AIM OF THE TASK — Your reply must contain exactly the lines running from the one with "this 1920×1440 image." to the last line of the entries below, both included, and no other lines.

┌──

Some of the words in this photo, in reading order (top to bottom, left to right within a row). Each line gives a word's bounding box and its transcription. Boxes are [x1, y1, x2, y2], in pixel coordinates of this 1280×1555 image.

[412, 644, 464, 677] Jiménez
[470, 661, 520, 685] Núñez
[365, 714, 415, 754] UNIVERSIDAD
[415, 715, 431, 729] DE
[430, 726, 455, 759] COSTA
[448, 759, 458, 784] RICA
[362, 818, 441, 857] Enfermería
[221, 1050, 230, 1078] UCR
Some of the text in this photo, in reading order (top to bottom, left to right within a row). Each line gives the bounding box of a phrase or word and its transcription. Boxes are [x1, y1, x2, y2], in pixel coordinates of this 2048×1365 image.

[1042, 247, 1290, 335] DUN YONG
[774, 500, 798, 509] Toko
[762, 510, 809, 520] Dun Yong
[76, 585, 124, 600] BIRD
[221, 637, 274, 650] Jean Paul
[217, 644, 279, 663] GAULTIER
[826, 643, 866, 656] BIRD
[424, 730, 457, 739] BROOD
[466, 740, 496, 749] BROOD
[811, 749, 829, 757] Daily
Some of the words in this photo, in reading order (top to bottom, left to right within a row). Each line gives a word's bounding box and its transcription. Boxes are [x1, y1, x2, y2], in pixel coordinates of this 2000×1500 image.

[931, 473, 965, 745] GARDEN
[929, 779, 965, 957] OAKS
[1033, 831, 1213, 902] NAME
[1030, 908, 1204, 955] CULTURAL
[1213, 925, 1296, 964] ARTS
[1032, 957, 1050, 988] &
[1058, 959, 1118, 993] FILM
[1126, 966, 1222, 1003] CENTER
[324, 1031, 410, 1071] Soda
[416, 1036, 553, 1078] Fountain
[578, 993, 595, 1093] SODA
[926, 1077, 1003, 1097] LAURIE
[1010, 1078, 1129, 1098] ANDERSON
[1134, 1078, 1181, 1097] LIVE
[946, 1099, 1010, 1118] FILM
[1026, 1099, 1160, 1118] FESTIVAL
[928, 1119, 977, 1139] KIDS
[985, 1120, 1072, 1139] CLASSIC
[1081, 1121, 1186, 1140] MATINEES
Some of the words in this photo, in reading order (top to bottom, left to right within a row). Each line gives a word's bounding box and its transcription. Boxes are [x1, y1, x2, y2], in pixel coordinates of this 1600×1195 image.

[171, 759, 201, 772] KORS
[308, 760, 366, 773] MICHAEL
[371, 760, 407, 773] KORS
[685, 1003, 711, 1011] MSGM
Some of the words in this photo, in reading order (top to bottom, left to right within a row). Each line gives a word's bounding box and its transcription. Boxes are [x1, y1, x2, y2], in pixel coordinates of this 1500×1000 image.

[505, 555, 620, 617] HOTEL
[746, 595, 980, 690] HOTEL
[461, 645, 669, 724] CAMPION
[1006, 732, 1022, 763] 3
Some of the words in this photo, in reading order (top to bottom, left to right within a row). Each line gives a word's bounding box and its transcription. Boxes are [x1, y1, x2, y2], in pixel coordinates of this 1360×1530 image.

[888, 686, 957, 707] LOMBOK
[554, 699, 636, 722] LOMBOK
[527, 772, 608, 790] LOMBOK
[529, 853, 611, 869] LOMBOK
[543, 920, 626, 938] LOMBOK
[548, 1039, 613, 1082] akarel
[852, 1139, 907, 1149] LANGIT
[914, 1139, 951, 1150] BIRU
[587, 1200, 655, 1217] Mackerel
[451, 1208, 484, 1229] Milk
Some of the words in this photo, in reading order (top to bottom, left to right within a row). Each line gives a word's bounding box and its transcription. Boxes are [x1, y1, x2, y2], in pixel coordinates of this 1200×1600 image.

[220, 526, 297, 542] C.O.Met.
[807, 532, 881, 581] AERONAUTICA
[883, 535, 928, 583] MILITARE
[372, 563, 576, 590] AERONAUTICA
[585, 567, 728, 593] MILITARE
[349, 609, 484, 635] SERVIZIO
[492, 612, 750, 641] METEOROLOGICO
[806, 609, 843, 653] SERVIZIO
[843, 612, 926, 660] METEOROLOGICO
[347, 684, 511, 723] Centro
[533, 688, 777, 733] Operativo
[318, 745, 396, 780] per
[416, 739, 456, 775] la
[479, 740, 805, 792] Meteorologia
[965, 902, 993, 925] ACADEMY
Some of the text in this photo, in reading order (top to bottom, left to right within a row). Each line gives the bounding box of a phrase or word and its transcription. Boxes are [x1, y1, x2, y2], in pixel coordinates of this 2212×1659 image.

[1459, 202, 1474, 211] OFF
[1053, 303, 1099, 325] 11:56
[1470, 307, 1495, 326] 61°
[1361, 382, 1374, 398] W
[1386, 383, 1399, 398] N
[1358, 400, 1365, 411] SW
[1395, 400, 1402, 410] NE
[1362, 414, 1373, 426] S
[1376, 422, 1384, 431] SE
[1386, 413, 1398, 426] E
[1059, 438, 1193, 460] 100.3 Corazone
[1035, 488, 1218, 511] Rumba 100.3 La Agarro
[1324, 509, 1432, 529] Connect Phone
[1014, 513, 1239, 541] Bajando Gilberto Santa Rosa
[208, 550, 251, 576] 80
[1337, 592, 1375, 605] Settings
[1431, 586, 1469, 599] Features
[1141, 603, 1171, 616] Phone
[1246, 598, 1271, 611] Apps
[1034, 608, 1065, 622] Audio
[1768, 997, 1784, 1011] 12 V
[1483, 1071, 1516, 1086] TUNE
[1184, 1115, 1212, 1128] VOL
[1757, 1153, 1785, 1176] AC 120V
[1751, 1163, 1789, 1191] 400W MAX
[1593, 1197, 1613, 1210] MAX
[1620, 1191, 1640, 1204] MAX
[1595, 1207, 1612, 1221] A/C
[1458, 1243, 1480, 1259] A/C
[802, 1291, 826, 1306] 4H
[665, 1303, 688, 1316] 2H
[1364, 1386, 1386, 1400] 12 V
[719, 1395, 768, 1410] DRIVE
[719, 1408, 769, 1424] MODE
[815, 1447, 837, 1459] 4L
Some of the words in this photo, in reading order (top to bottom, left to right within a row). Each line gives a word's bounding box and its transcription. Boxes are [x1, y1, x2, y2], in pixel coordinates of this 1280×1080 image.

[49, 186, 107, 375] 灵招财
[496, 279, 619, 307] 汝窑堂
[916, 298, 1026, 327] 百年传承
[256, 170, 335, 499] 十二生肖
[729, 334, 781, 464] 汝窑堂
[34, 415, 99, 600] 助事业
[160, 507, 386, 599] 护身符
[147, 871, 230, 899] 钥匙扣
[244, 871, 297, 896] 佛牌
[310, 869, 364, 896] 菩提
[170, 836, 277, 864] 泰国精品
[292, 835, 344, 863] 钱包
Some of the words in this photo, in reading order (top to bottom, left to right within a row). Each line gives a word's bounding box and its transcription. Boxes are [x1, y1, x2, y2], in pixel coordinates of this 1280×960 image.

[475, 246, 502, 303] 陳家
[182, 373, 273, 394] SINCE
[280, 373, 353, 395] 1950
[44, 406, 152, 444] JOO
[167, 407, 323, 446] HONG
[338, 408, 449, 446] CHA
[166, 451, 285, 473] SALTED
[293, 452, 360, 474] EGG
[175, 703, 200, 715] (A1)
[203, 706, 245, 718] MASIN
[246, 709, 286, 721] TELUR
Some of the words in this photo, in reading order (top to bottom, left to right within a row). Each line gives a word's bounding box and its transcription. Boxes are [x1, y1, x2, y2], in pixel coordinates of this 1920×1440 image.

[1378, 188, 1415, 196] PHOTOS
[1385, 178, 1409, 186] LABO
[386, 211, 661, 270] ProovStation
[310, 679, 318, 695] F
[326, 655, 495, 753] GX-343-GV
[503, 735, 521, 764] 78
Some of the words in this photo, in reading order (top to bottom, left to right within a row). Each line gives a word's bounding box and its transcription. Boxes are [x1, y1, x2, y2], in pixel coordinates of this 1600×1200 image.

└──

ANSWER SPACE —
Some of the words in this photo, in reading order (top to bottom, left to right within a row). Each line gives a word's bounding box and its transcription. Boxes are [x1, y1, x2, y2], in pixel coordinates of this 1920×1440 image.

[1378, 188, 1415, 196] PHOTOS
[1385, 178, 1409, 186] LABO
[386, 211, 661, 270] ProovStation
[310, 679, 318, 695] F
[326, 655, 495, 753] GX-343-GV
[503, 735, 521, 764] 78
Some of the words in this photo, in reading order (top to bottom, left to right within a row). Each line gives a word's bounding box and its transcription. Boxes are [x1, y1, x2, y2], in pixel coordinates of this 1600×1200 image.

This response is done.